See the "For the Record" article Unfinished Business here.

I maintain this will continue to be an issue as long as there are no proper and enforced quality management standards related to the healthcare documentation process.  In my opinion, sorting out and pointing out doctors creating documents being an issue?  That is a guess on our part.  The EHR is here to stay, as it should be.  Doctors have to document, they just do.  They are either going to dictate, write a handwritten note, or use a computer platform.  There is no value in talking about the "EHR" as a whole as a bad thing for clinicians to be using.  Rather, quality management procedures help documentation experts objectively identify when and how and why different scenarios make sense and how to assure the quality in those settings.  The EHR has amazing value.  We are never going to be invited to that party if we speak from 10,000 feet saying it's all bad.  Rather, what we want to do is, same as traditional and speech-recognized transcription, paper charting, and scribing....identify when these different procedures make sense, how to implement processes that check quality, identify when a transcribed report makes sense versus the clicking and pointing data (really great medication systems in EHR platforms), how do we manage the quality in all of them?  Why are we spending time criticizing the manner in which clinicians do their initial documentation?  Whether they speak it, write it, type it, click it, all of it requires proofing and quality management.  There is no one system that works for "once and done" in this important documentation.  All other industries employ better editing and proofreading than we do in the medical industry.  The argument about which human makes less errors in what setting?  This is not arguable.  The question is, how do we assure the human errors of doctors, nurses, pharmacists, and medical transcriptions (yes, the wonderful perfect transcriptionist who has the ability to see and correct all medical errors and makes none themselves...ugh...what a burden we have on our shoulders).

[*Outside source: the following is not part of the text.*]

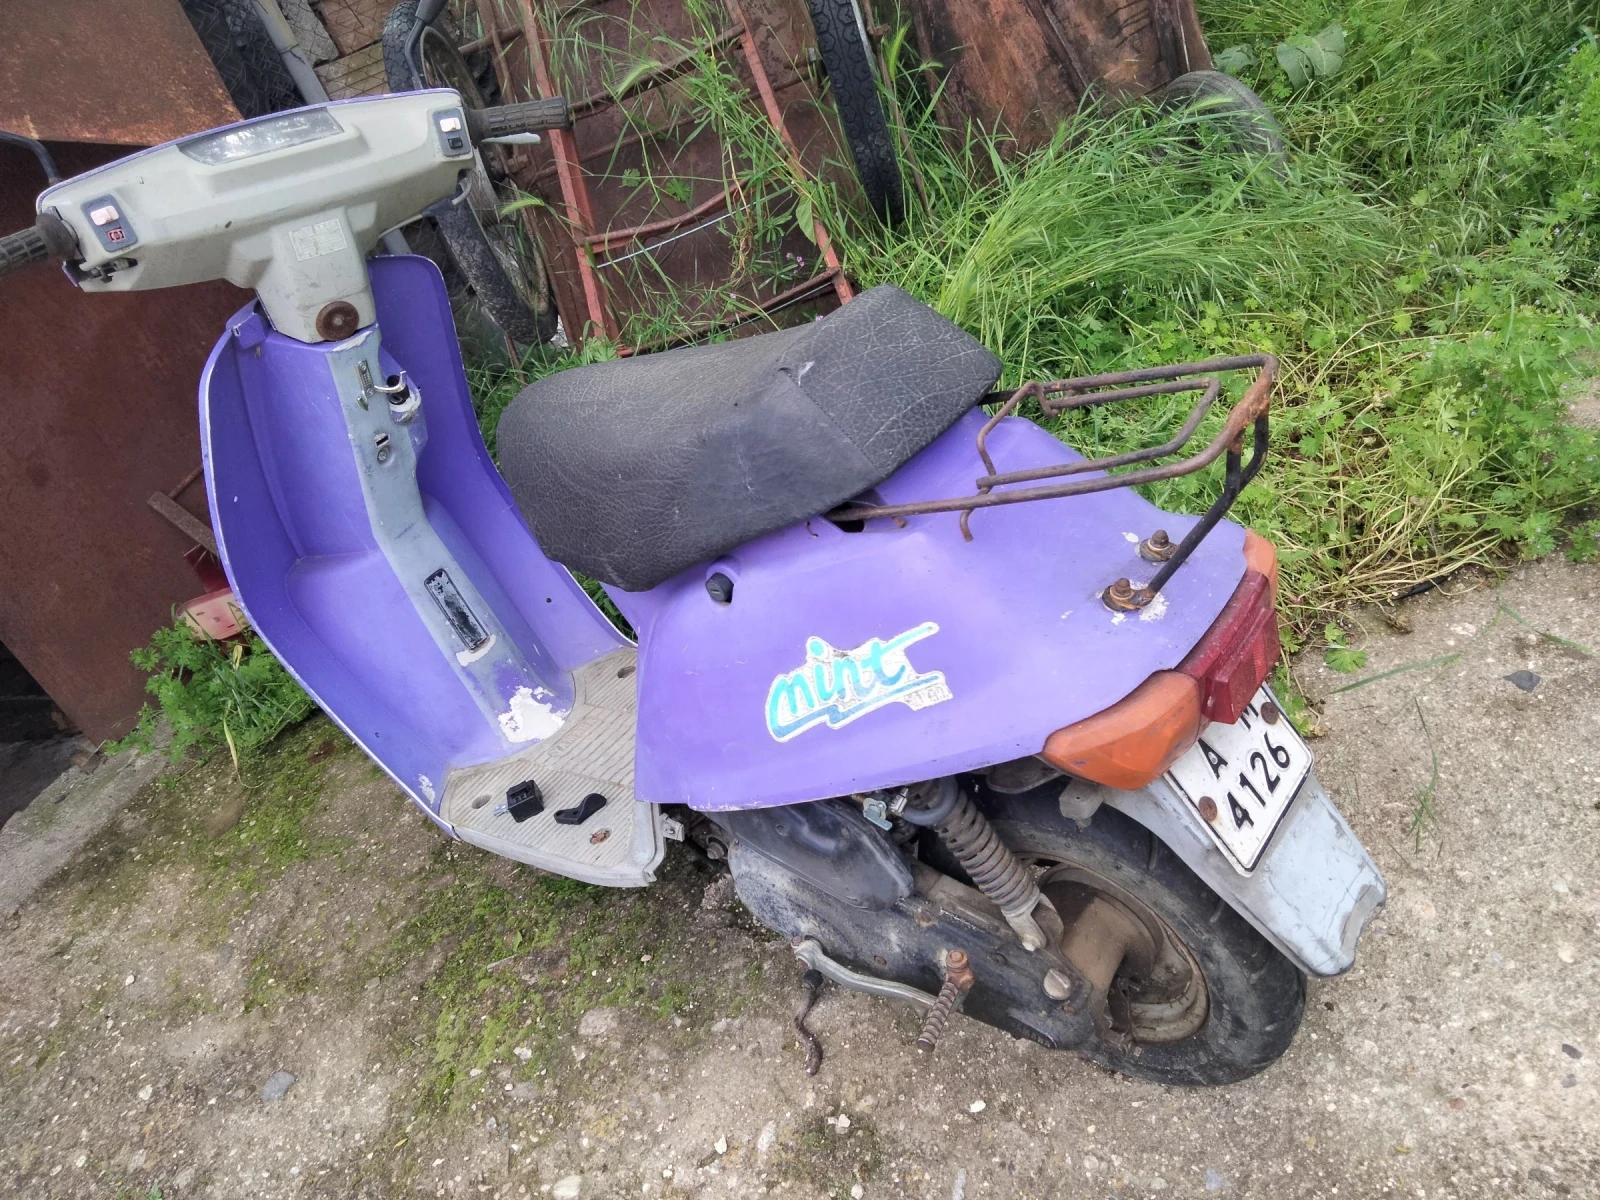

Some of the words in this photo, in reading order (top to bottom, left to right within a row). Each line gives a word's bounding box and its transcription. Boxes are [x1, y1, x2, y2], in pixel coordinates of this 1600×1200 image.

[768, 626, 937, 738] mint
[1197, 738, 1229, 780] A
[1226, 732, 1291, 830] 4126

As my mom used to say when we tattled on each other, "You just take care of Debbie.  That's a full-time job."   I propose when the medical transcription industry cleans its own act up, we can venture out into other neighborhoods to share our wisdom.  Our own industry is the remains of a bloody massacre, the issues still ignored and the plight of our industry blamed on anyone and everyone but ourselves.  Medical transcription messes were/are made by medical transcriptionists (MT workers, MT owners, MT managers, MT leaders).

But, the article points out something interesting to me and something I have pointed out to Dr. Baker at The Joint Commission, that is, TJC studies and publishes findings about accreditation failures in medical records, but apparently doesn't marry the connection that there the professionals managing this part of the healthcare process, are not schooled in and required to use, what they, themselves espouse, "You can't fix what you don't measure."  Is it a big mystery that one of the most failed aspects of hospital accreditation is in an area that is not required too perform ongoing quality management?  Is this rocket science?

I will keep pushing on there, The Joint Commission, because when they mandate that our industry properly learns how to manage quality, now we can get somewhere.

1 Comment

  1. Lynne Martin Veilleux - June 29, 2016, 10:37 am

    This part of the article I very much appreciate: “Providers are simply not documentation specialists. We need them to focus on providing top-notch care, and leave top-notch documentation to the health care documentation specialists,” she says. Some providers are very good at documentation. However, we tend to not see our own errors. When providers prepare their own reports, their work should be verified by a second set of eyes. The possibility of missing an important detail or making a critical error is lessened by a second set of eyes. This should in no way be a punitive process. When providers dictate their reports, there would need to be more collaboration between the dictator and those transcribing to ensure a better record. When you work remotely, you are often not even allowed to contact the dictator for clarification, simply leaving an edit note. There seems to be a lot of stigma with leaving blanks or notes for clarification. It is for the good of the record that this is done, and it does not happen nearly enough. The production-based pay of transcriptionists also does not lend itself to more collaboration as that would lead to more unpaid work. As we progress, it would be important to provide medical documentation specialists with hourly pay to help address the issues that fail to be addressed under the status quo.